Patent trade accounts for a large proportion of the United States’ foreign trade, and plays an important role in preventing other countries’ goods from entering the U.S. market. The scope of patent protection is actually a matter of monopoly market. Now many companies in developed countries are gaining a dominant position in patents, making it difficult for new companies and researchers to enter, especially restricting the technological innovation space in developing countries. To this end, the United States vigorously develops patent trade and uses this strategy to prevent other countries' goods from entering the U.S. market and facilitate U.S. goods from occupying foreign markets. According to statistics from the U.S. Patent and Trademark Office, patent transfer revenue has been one of IBM's fastest-growing sources of profit. IBM's total profits in 2000 were US$8.1 billion, of which patent transfers accounted for US$1.7 billion. More and more companies are realizing that patents have begun to appear as a commodity in the international trade market. In particular, some developed countries have vigorously promoted the internationalization of patent examination in recent years, breaking the geographical restrictions of patent examination. A few countries are responsible for patent examination and grant patent rights, and other countries only need to recognize the examination results. This situation will greatly restrict the innovation capabilities of developing countries and even pose a threat to their national economic security due to over-reliance on foreign patented technologies.

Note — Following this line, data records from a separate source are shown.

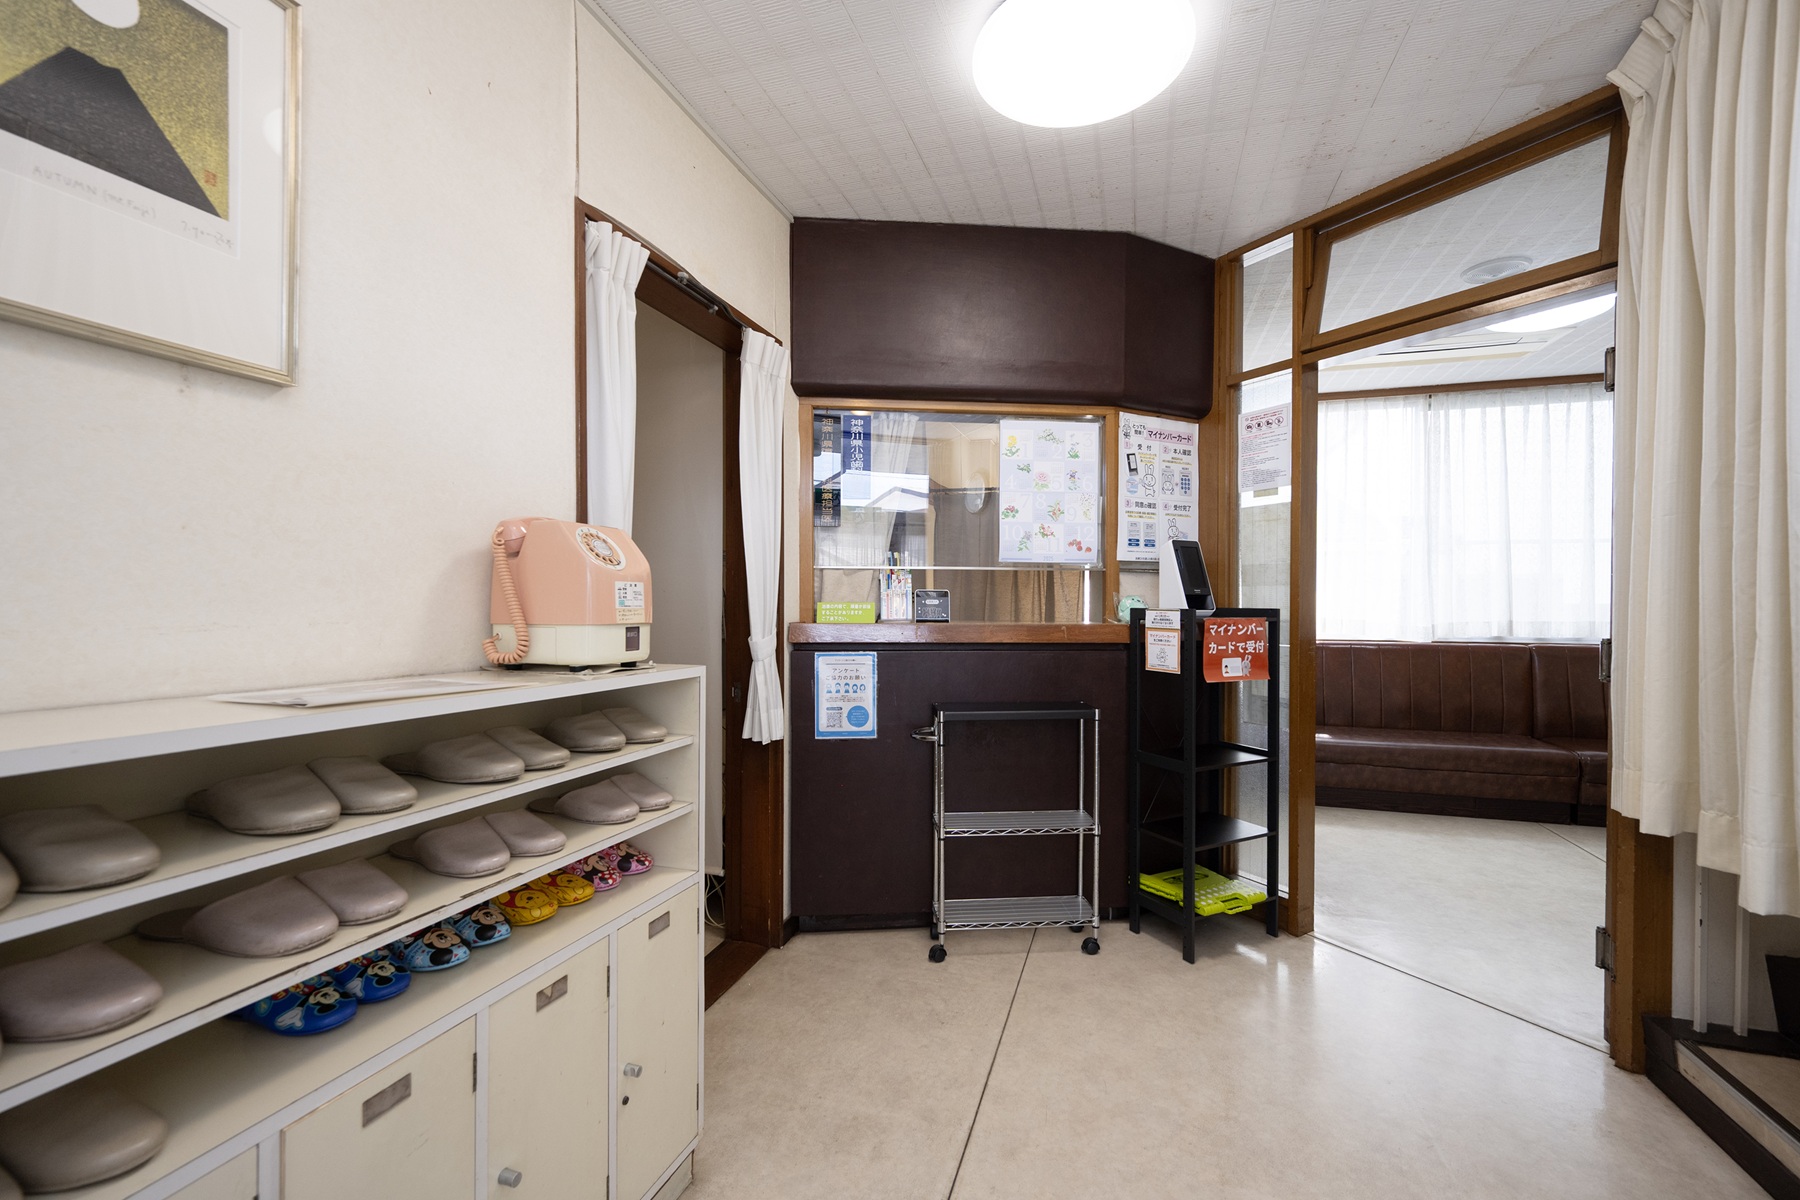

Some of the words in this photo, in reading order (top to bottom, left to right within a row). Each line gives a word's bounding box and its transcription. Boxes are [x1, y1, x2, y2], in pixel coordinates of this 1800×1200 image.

[1083, 432, 1093, 447] 3
[1147, 430, 1192, 443] マイナンバーカード
[1173, 448, 1192, 456] 本人確認
[1005, 474, 1017, 489] 4
[1052, 476, 1062, 490] 5
[1083, 476, 1093, 490] 6
[1021, 493, 1031, 508] 7
[1036, 493, 1046, 508] 8
[1134, 501, 1157, 509] 同意の確認
[1066, 506, 1077, 521] 9
[1173, 504, 1192, 512] 受付完了
[1004, 524, 1023, 540] 10
[1077, 525, 1095, 540] 12
[1209, 623, 1264, 636] マイナンバー
[1208, 640, 1265, 654] カードで受付

5. Adopt the principle of whoever invests will benefit

The United States allows patent applications for genetic information and enterprise software. Areas that were not previously protected by patents such as mathematical problem solving, computer software, cryptography and Deciphering human genetic genes is becoming patented one after another. Intellectual property management can help encourage private companies to increase investment in research and development and innovation, but negative effects also exist.

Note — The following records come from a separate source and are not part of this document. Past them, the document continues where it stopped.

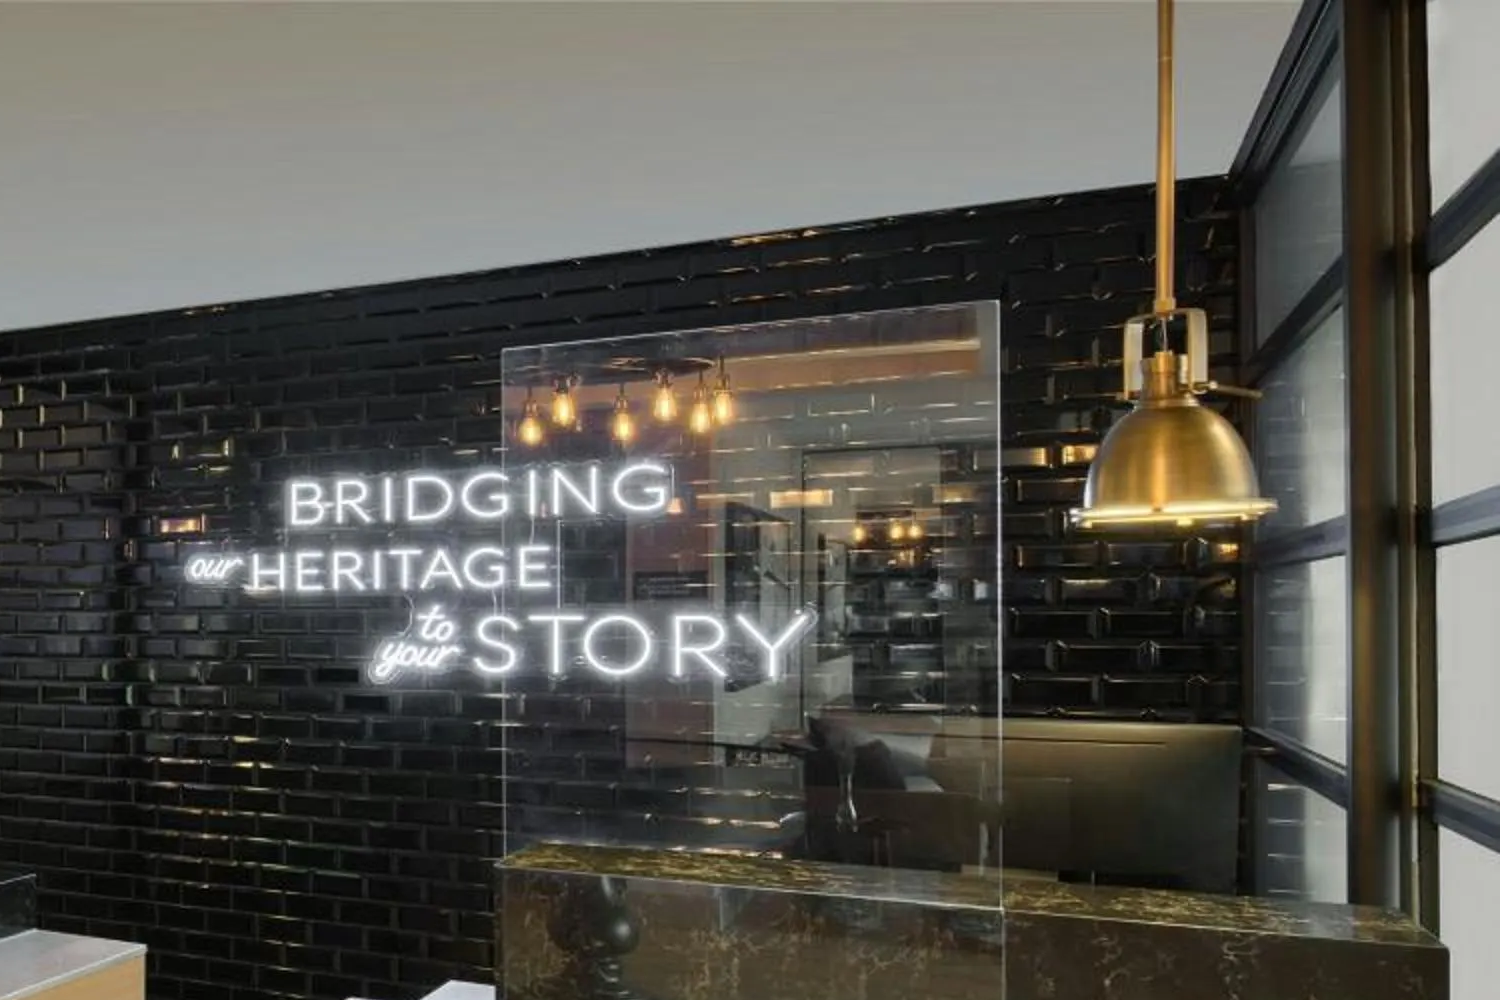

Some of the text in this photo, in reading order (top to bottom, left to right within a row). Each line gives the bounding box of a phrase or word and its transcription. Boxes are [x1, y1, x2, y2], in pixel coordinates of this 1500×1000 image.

[289, 462, 669, 526] BRIDGING
[188, 546, 553, 591] our HERITAGE
[373, 613, 810, 679] your STORY
[416, 604, 456, 643] to
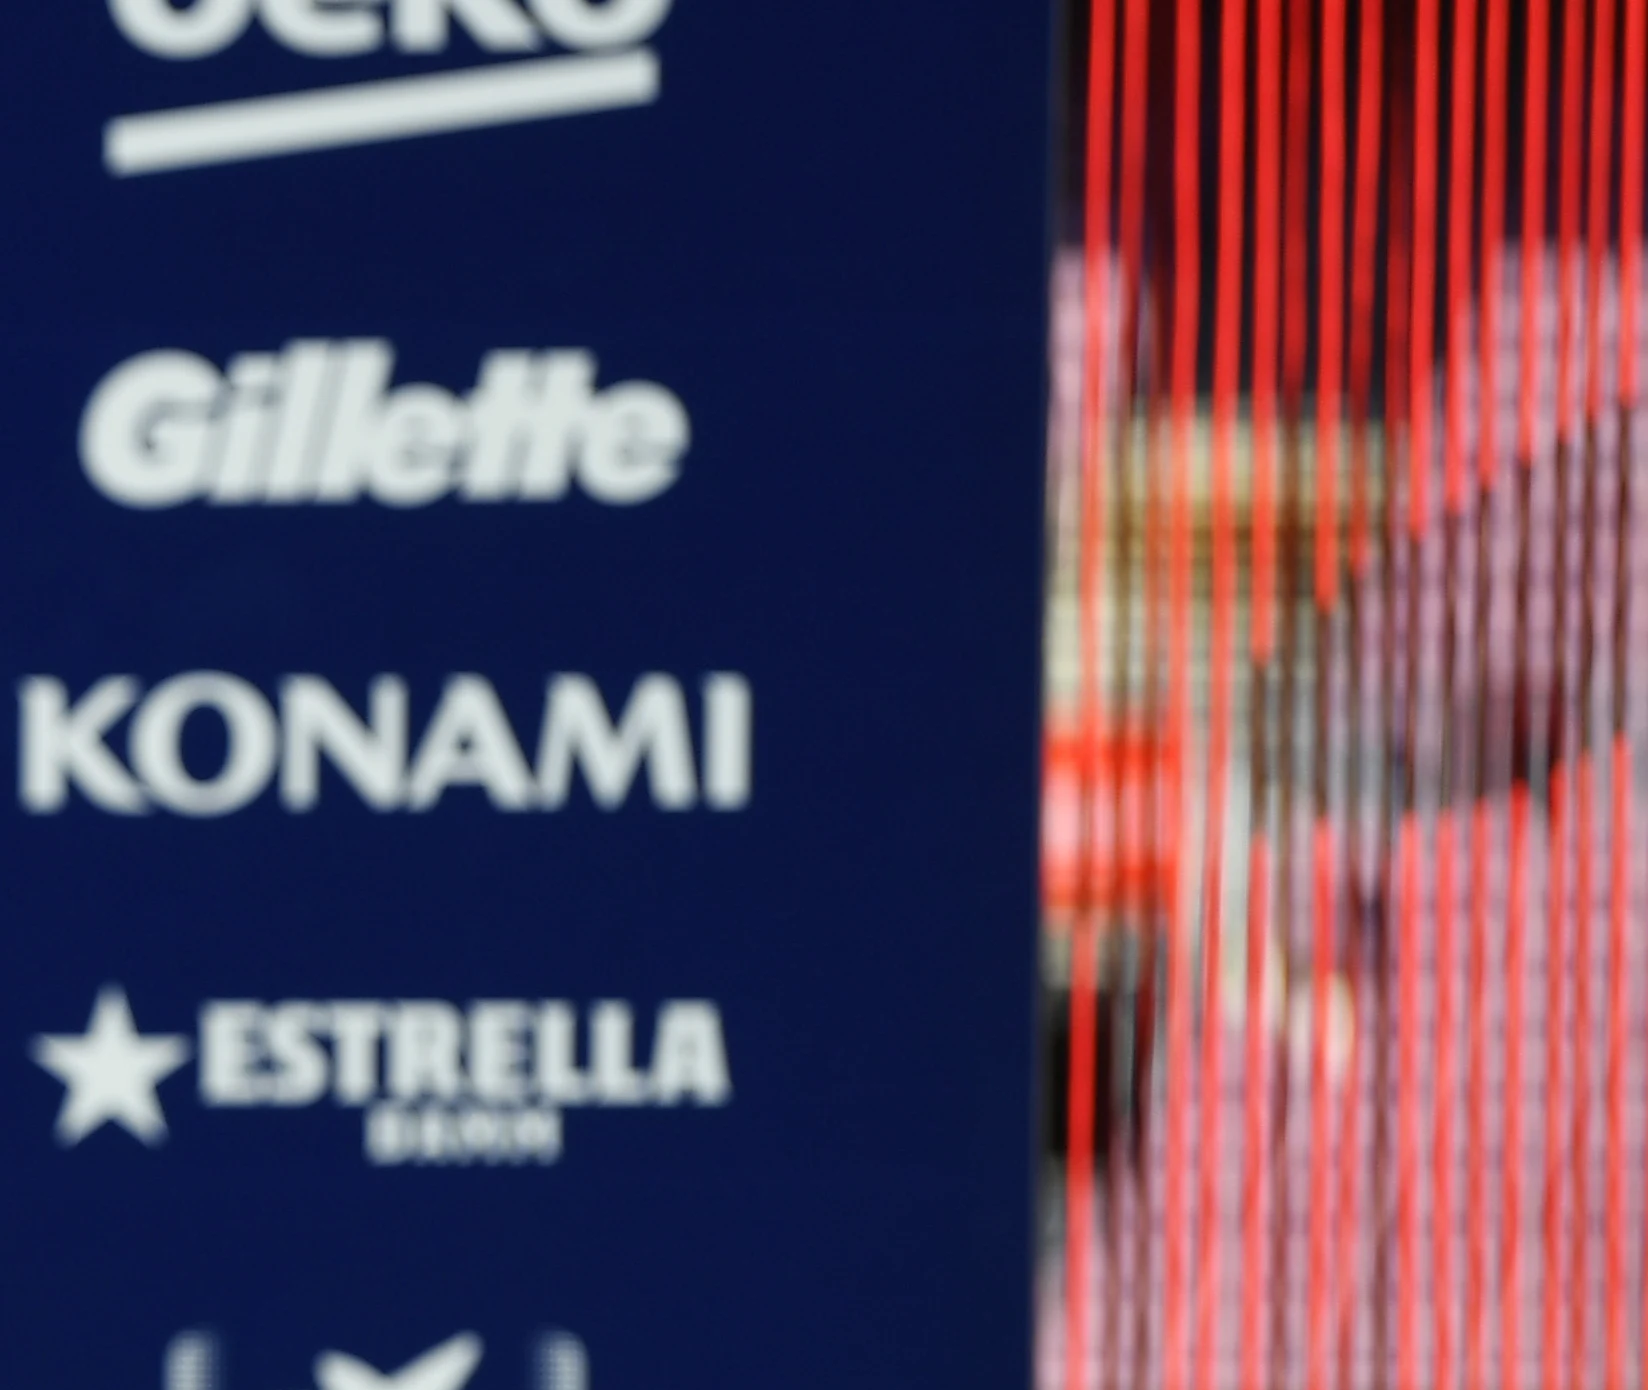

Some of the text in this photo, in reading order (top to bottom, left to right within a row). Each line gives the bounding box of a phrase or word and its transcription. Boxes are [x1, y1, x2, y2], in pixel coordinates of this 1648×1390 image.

[81, 341, 688, 504] Gillette
[20, 673, 750, 813] KONAMI
[200, 1000, 730, 1104] ESTRELLA

In the short term, research and development may be used for projects with low social benefits, thereby reducing its productivity and affecting the investment efficiency of R&D; in the long term, even if strengthening intellectual property management will not reduce the productivity of research and development, overly extensive intellectual property rights will Could stifle the next wave of business innovation. For example, gene technology patent rights basically belong to basic scientific knowledge patent rights. Although this knowledge may serve as the basis for further research, the rights of the initial patent holder will hinder further use of this technology.

The U.S. patent system emphasizes stimulating innovation and promoting technological progress. It believes that excessive patent protection will create monopoly. Therefore, when the United States established the protection system, it imposed legislative restrictions. Article 1, Section 8 of the U.S. Constitution stipulates that “Congress shall have the right to promote the development of science and technology by granting to authors, for limited periods, the exclusive right to their works and inventions.” This shows that the U.S. Constitution was considered when drafting When it comes to protecting intellectual property rights, the purpose is not to protect for the sake of protection, but to promote the development of science and technology. Moreover, this trend has been continuously strengthened in the era of knowledge economy, and a phenomenon has also emerged in the protection of patents: On the one hand, the phenomenon of knowledge infringement is serious, on the other hand, the trend of monopoly is getting faster and more serious. Monopoly patents are like monopolizing goods. For example, Microsoft has formed a monopoly position in such a short period of time. This phenomenon shows that the conflict between personal interests and social interests has intensified in the field of knowledge. The United States emphasizes the protection of intellectual property rights while also emphasizing restrictions on the abuse of patent strategies. In May 1998, the US government sued Microsoft in the dock. The U.S. government believes that if a successful person abuses his rights, the country's laws should intervene to defend the interests of the public, society, and consumers.